Scientific classification
- Kingdom: Plantae
- Clade: Tracheophytes
- Clade: Angiosperms
- Clade: Eudicots
- Clade: Rosids
- Order: Malpighiales
- Family: Hypericaceae
- Genus: Hypericum
- Section: Hypericum sect. Webbia (Spach) R. Keller
- Species: H. canariense
- Binomial name: Hypericum canariense L.
- Varieties: H. canariense var. canariense; H. canariense var. floribundum (Dryand. ex Ait.) Bornm.; H. canariense var. platysepalum (Webb & Berth.) Ceb. & Ort.;
- Synonyms: Hypericum floribundum Aiton; Webbia canariensis (L.) Webb & Berthelot; Webbia floribunda (Aiton) Spach;

= Hypericum canariense =

- Genus: Hypericum
- Species: canariense
- Authority: L.
- Conservation status: LC
- Synonyms: Hypericum floribundum Aiton, Webbia canariensis (L.) Webb & Berthelot, Webbia floribunda (Aiton) Spach
- Parent authority: (Spach) R. Keller

Species of flowering plant in the St John's wort family

Hypericum canariense is a species of flowering plant in the family Hypericaceae known by the common name Canary Islands St. John's wort. It is the sole member of Hypericum sect. Webbia.

==Etymology==
Among its numerous aliases in Spanish are granadillo, espanta demonios, flor de cruz, and leña de brujas. In Finnish, the species is known as Kanariankuisma. Its specific epithet canariense is a reference to the populousness of H. canariense in the Canary Islands. As such, its common names include Canary Islands St. John's wort or Canary Islands Hypericum.

==Distribution==
It is endemic to the Canary Islands and Madeira, where it grows in low-moisture scrub and forested slopes of the five westernmost islands from 150 to 800 m. It is also known as an introduced species in Australia, New Zealand, and the US states of California and Hawaii, where it is an escaped ornamental plant and generally considered a minor noxious weed.

==Habitat==
Hypericum canariense grows in clayey or sandy soils, as well as in loam. It is found along creeklines and roadsides. It is also prominent in dry scrub habitats and in mesic forests, often alongside Globularia salicina.

==Description==
The species is a flowering shrub growing 2–3 m in height. Its many stems bear waxy lance-shaped leaves 5–7 cm long. The plentiful flowers each have five bright to deep yellow petals each just over a centimeter long and many yellowish whiskery stamens. It reproduces via the seed in its dehiscent dry fruits and also vegetatively via rhizome.

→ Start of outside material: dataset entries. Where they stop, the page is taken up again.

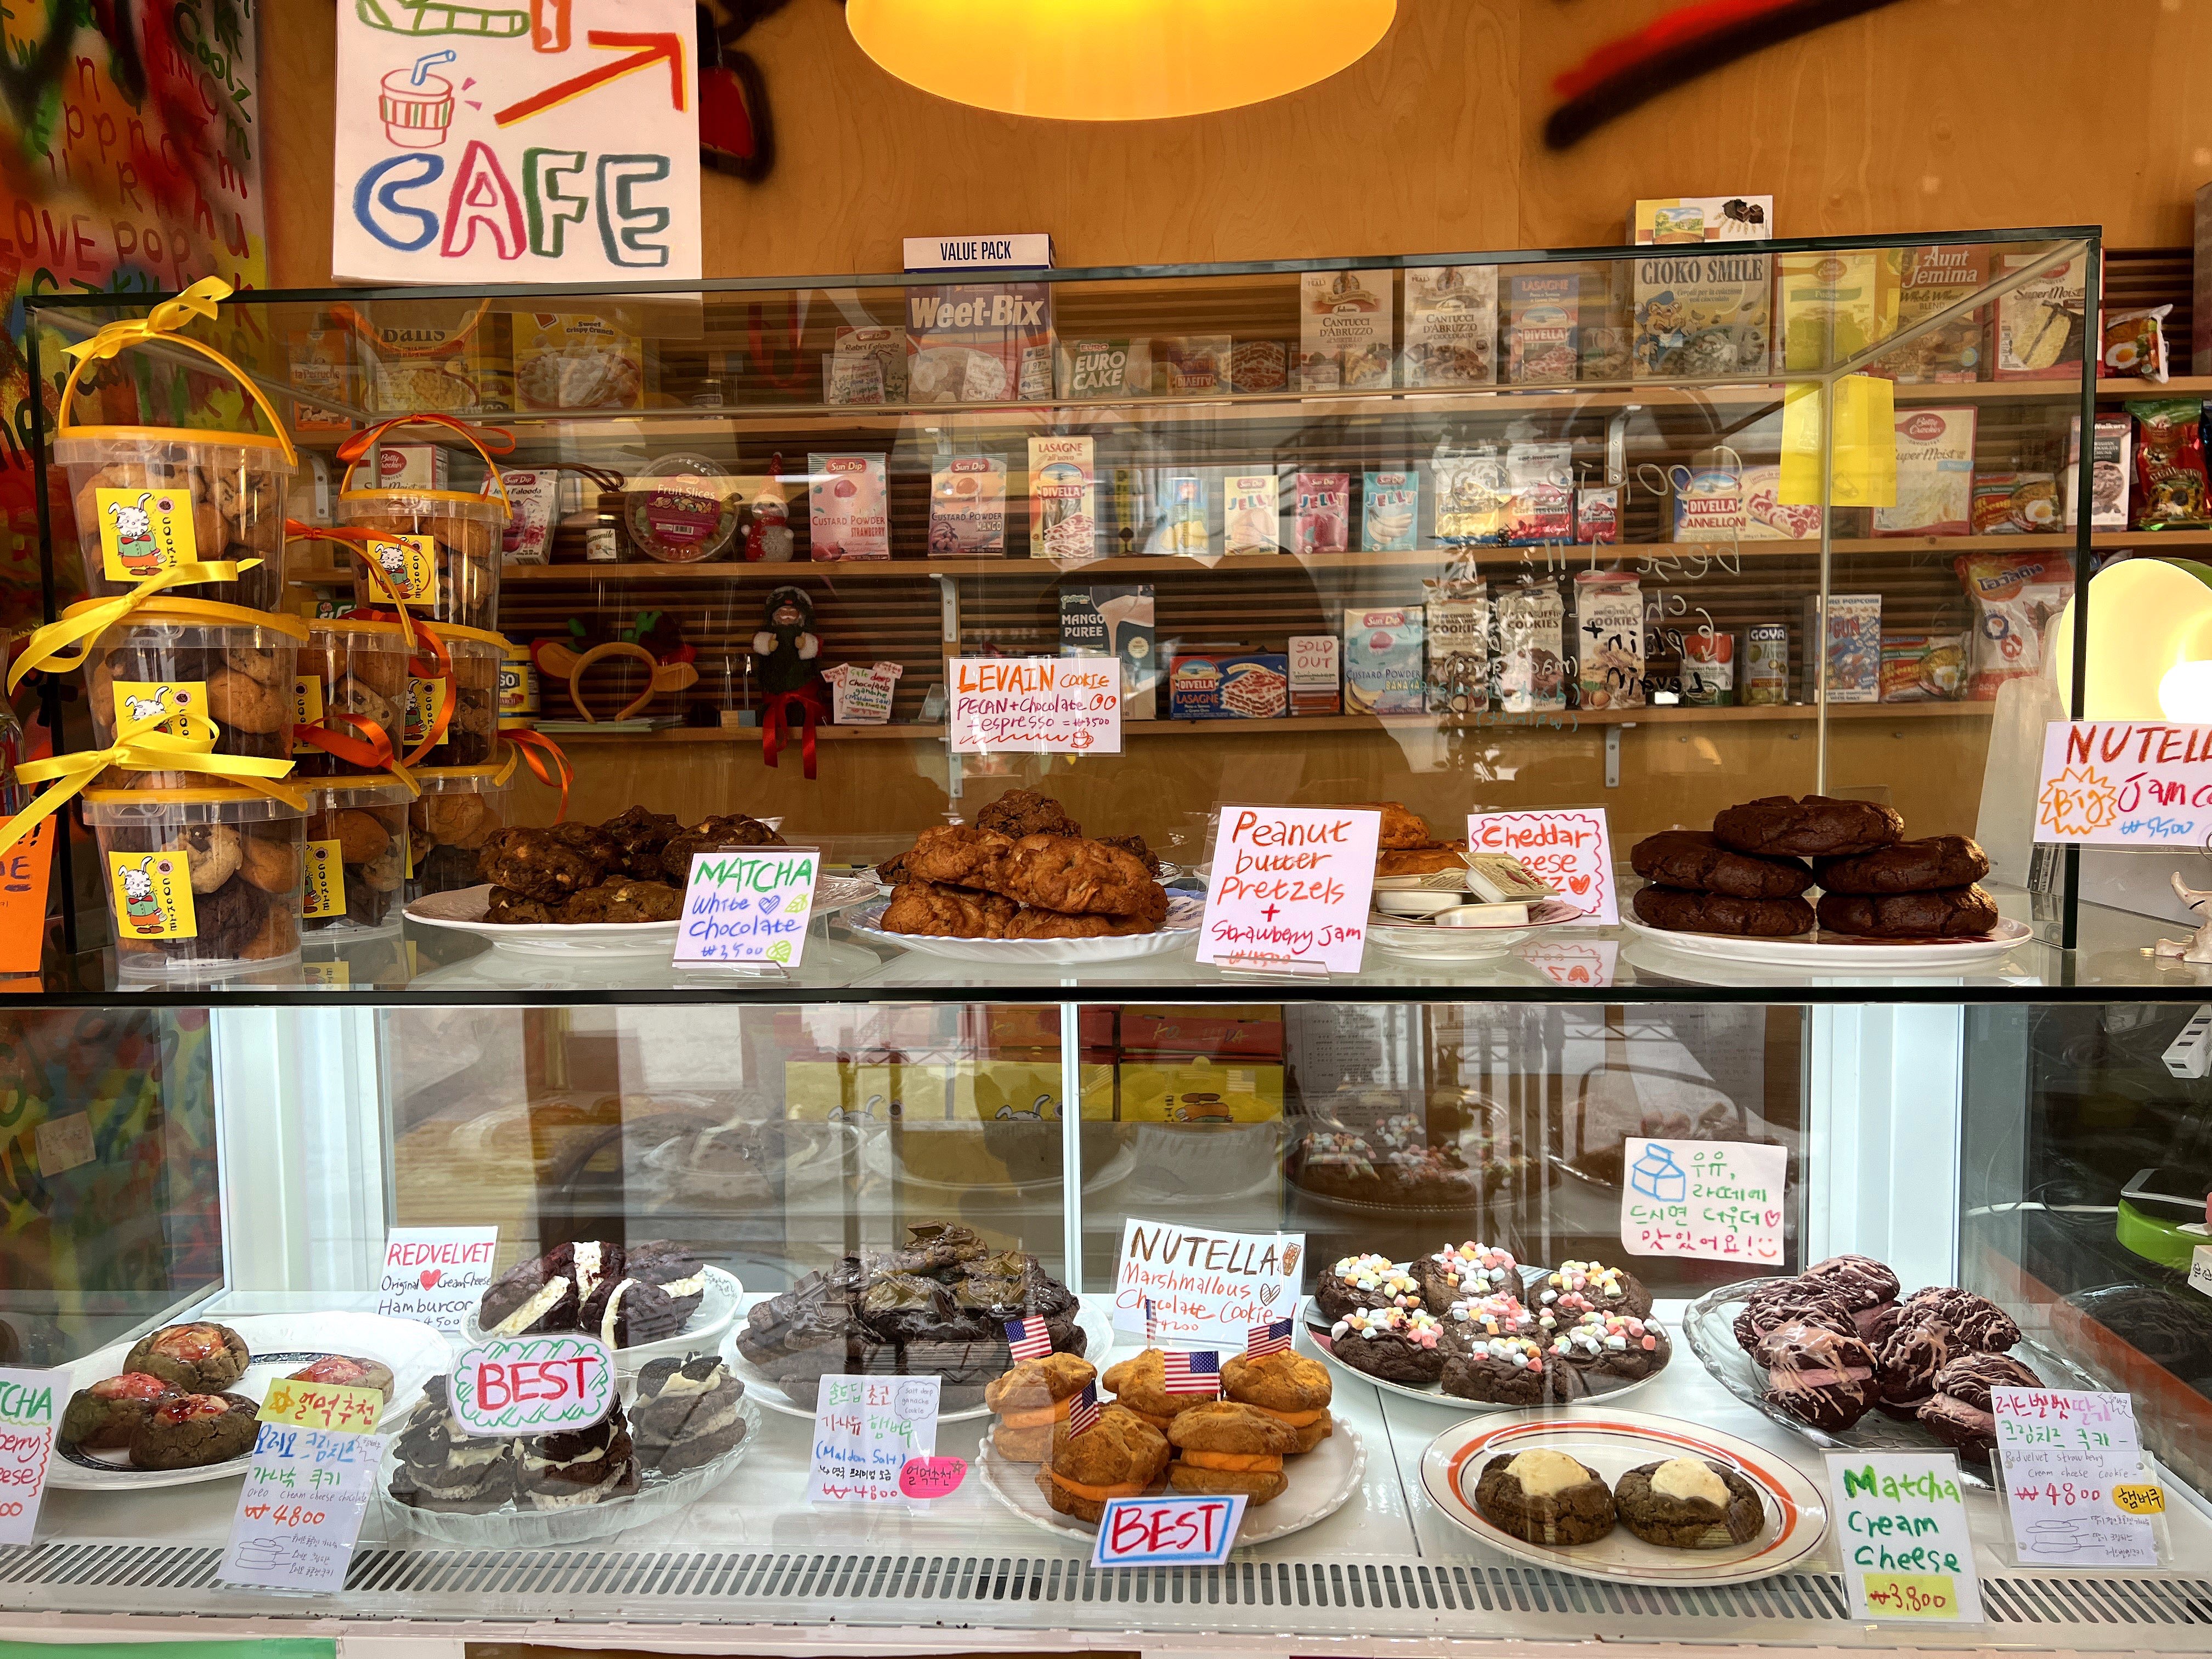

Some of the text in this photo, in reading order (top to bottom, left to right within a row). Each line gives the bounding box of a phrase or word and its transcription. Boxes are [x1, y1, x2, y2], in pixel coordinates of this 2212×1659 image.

[353, 139, 670, 268] CAFE
[940, 240, 1012, 261] VALUE PACK
[1924, 246, 1970, 267] Aunt
[1640, 257, 1763, 285] CIOKO SMILE
[1902, 264, 1978, 289] Jemima
[911, 294, 1043, 329] Weet-Bix
[1426, 313, 1474, 324] CANTUCCI
[1319, 327, 1373, 337] D'ABRUZZO
[1323, 317, 1370, 328] CANTUCCI
[1423, 324, 1477, 334] D'ABRUZZO
[1524, 329, 1564, 341] DIVELLA
[1076, 351, 1125, 373] EURO
[1073, 370, 1122, 390] CAKE
[1039, 442, 1082, 454] LASAGNE
[831, 461, 862, 471] Sun Dip
[955, 462, 985, 471] Sun Dip
[658, 484, 715, 500] Fruit Slices
[1041, 486, 1081, 498] DIVELLA
[1299, 493, 1347, 510] JELLY
[1366, 490, 1417, 508] JELLY
[1227, 494, 1276, 511] JELLY
[1689, 499, 1736, 514] DIVELLA
[812, 515, 885, 526] CUSTARD POWDER
[931, 512, 1002, 521] CUSTARD POWDER
[1679, 516, 1747, 528] CANNELLONI
[851, 527, 885, 537] STRAWBERRY
[976, 521, 1002, 532] MANGO
[161, 516, 177, 567] COOKI
[1062, 614, 1105, 625] MANGO
[1367, 615, 1402, 627] Sun Dip
[1064, 627, 1103, 637] PUREE
[1295, 640, 1333, 654] SOLD
[1297, 656, 1333, 669] OUT
[956, 663, 1109, 695] LEVAIN COOKIE
[1346, 669, 1383, 681] CUSTARD
[1385, 669, 1421, 680] POWDER
[1180, 680, 1214, 690] DIVELLA
[1176, 694, 1219, 704] LASAGNE
[2053, 788, 2104, 824] Big
[1232, 810, 1352, 847] Peanut
[1481, 822, 1593, 849] Cheddar
[1235, 849, 1332, 875] butter
[693, 856, 813, 894] MATCHA
[318, 864, 330, 911] COOKIE
[162, 878, 177, 931] COOKIE
[1130, 1226, 1279, 1277] NUTELLA
[381, 1274, 420, 1296] Original
[1116, 1288, 1216, 1319] Chcolate
[477, 1356, 599, 1412] BEST
[253, 1424, 298, 1458] 오레오
[2061, 1468, 2089, 1478] cheese
[1842, 1464, 1961, 1504] Matcha
[2015, 1482, 2101, 1507] ₩4800
[244, 1503, 326, 1528] ₩4800
[1847, 1510, 1940, 1539] Cream
[1110, 1504, 1224, 1555] BEST
[1854, 1543, 1962, 1574] Cheese

The species is commonly misidentified as H. canadense or Cleomella arborea because of their similar flower structure and large stamens.

==Varieties==
The species has three accepted varieties:

- H. canariense var. canariense
- H. canariense var. floribundum (Dryand. ex Ait.) Bornm.
- H. canariense var. platysepalum (Webb & Berth.) Ceb. & Ort.